> SUPPLIED MATERIAL
──────

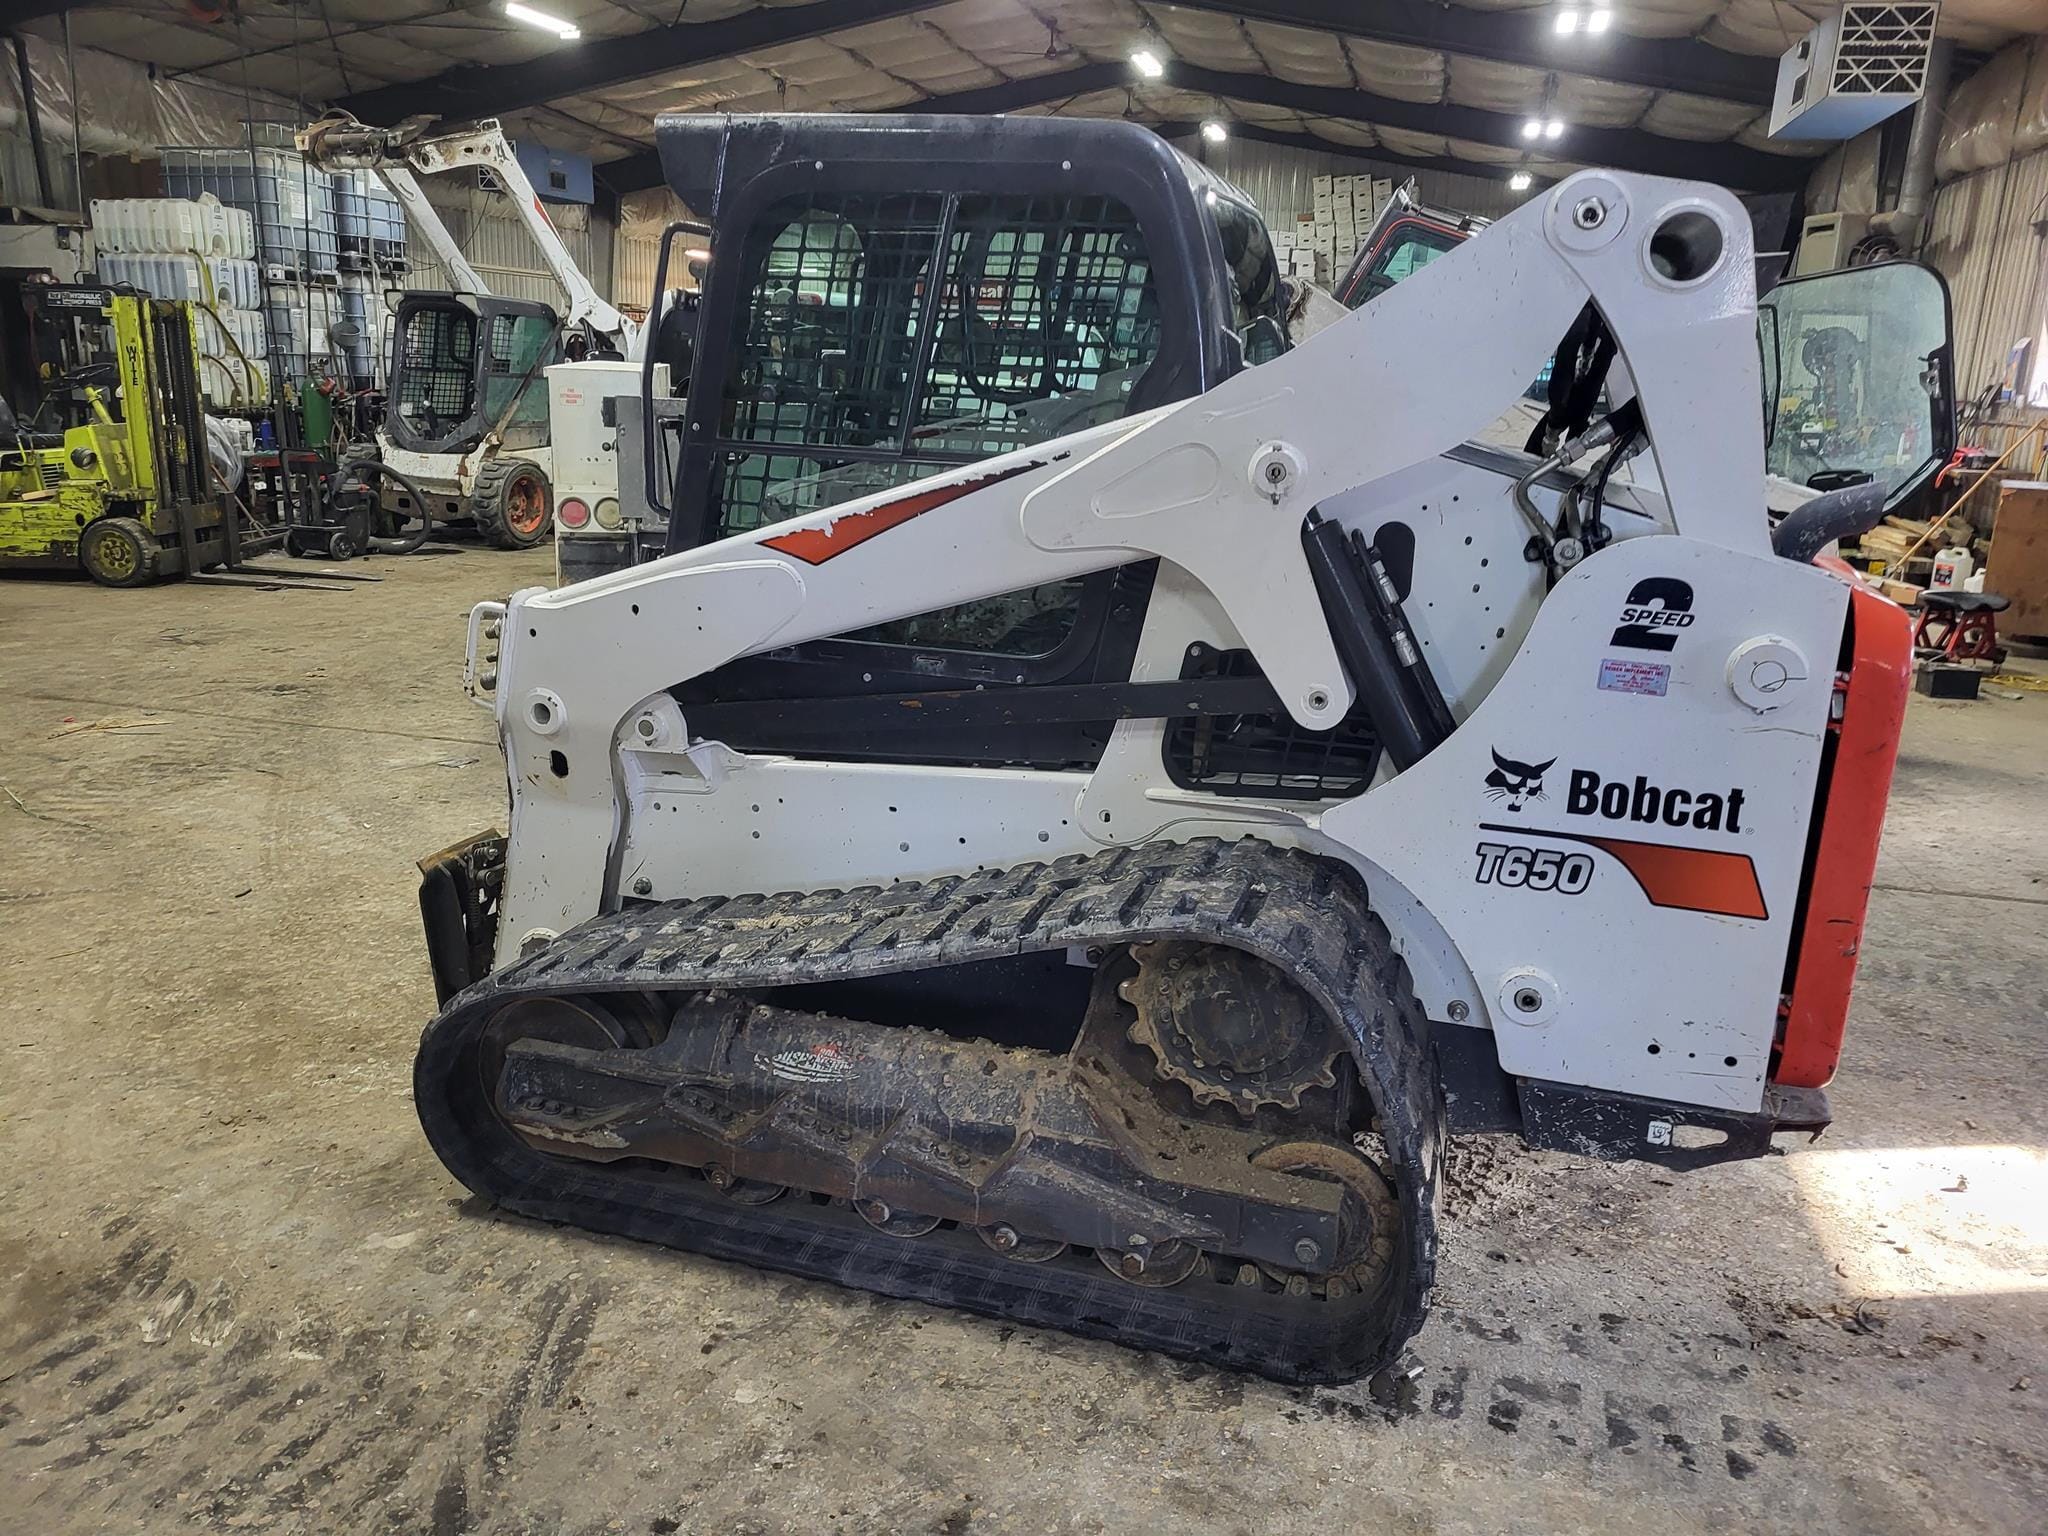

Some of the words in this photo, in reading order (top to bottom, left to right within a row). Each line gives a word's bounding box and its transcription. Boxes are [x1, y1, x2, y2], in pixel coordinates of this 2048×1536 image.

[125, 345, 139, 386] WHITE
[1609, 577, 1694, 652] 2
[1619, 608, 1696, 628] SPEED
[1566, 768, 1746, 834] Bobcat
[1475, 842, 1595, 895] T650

──────

> WORK INSTRUCTION
Retype all entries exactly as they appear, dropping the images.

> OUTPUT BELOW
Some of the words in this photo, in reading order (top to bottom, left to right within a row). Each line gives a word's bounding box and its transcription. Boxes are [x1, y1, x2, y2], in pixel coordinates of this 2048×1536 image.

[125, 345, 139, 386] WHITE
[1609, 577, 1694, 652] 2
[1619, 608, 1696, 628] SPEED
[1566, 768, 1746, 834] Bobcat
[1475, 842, 1595, 895] T650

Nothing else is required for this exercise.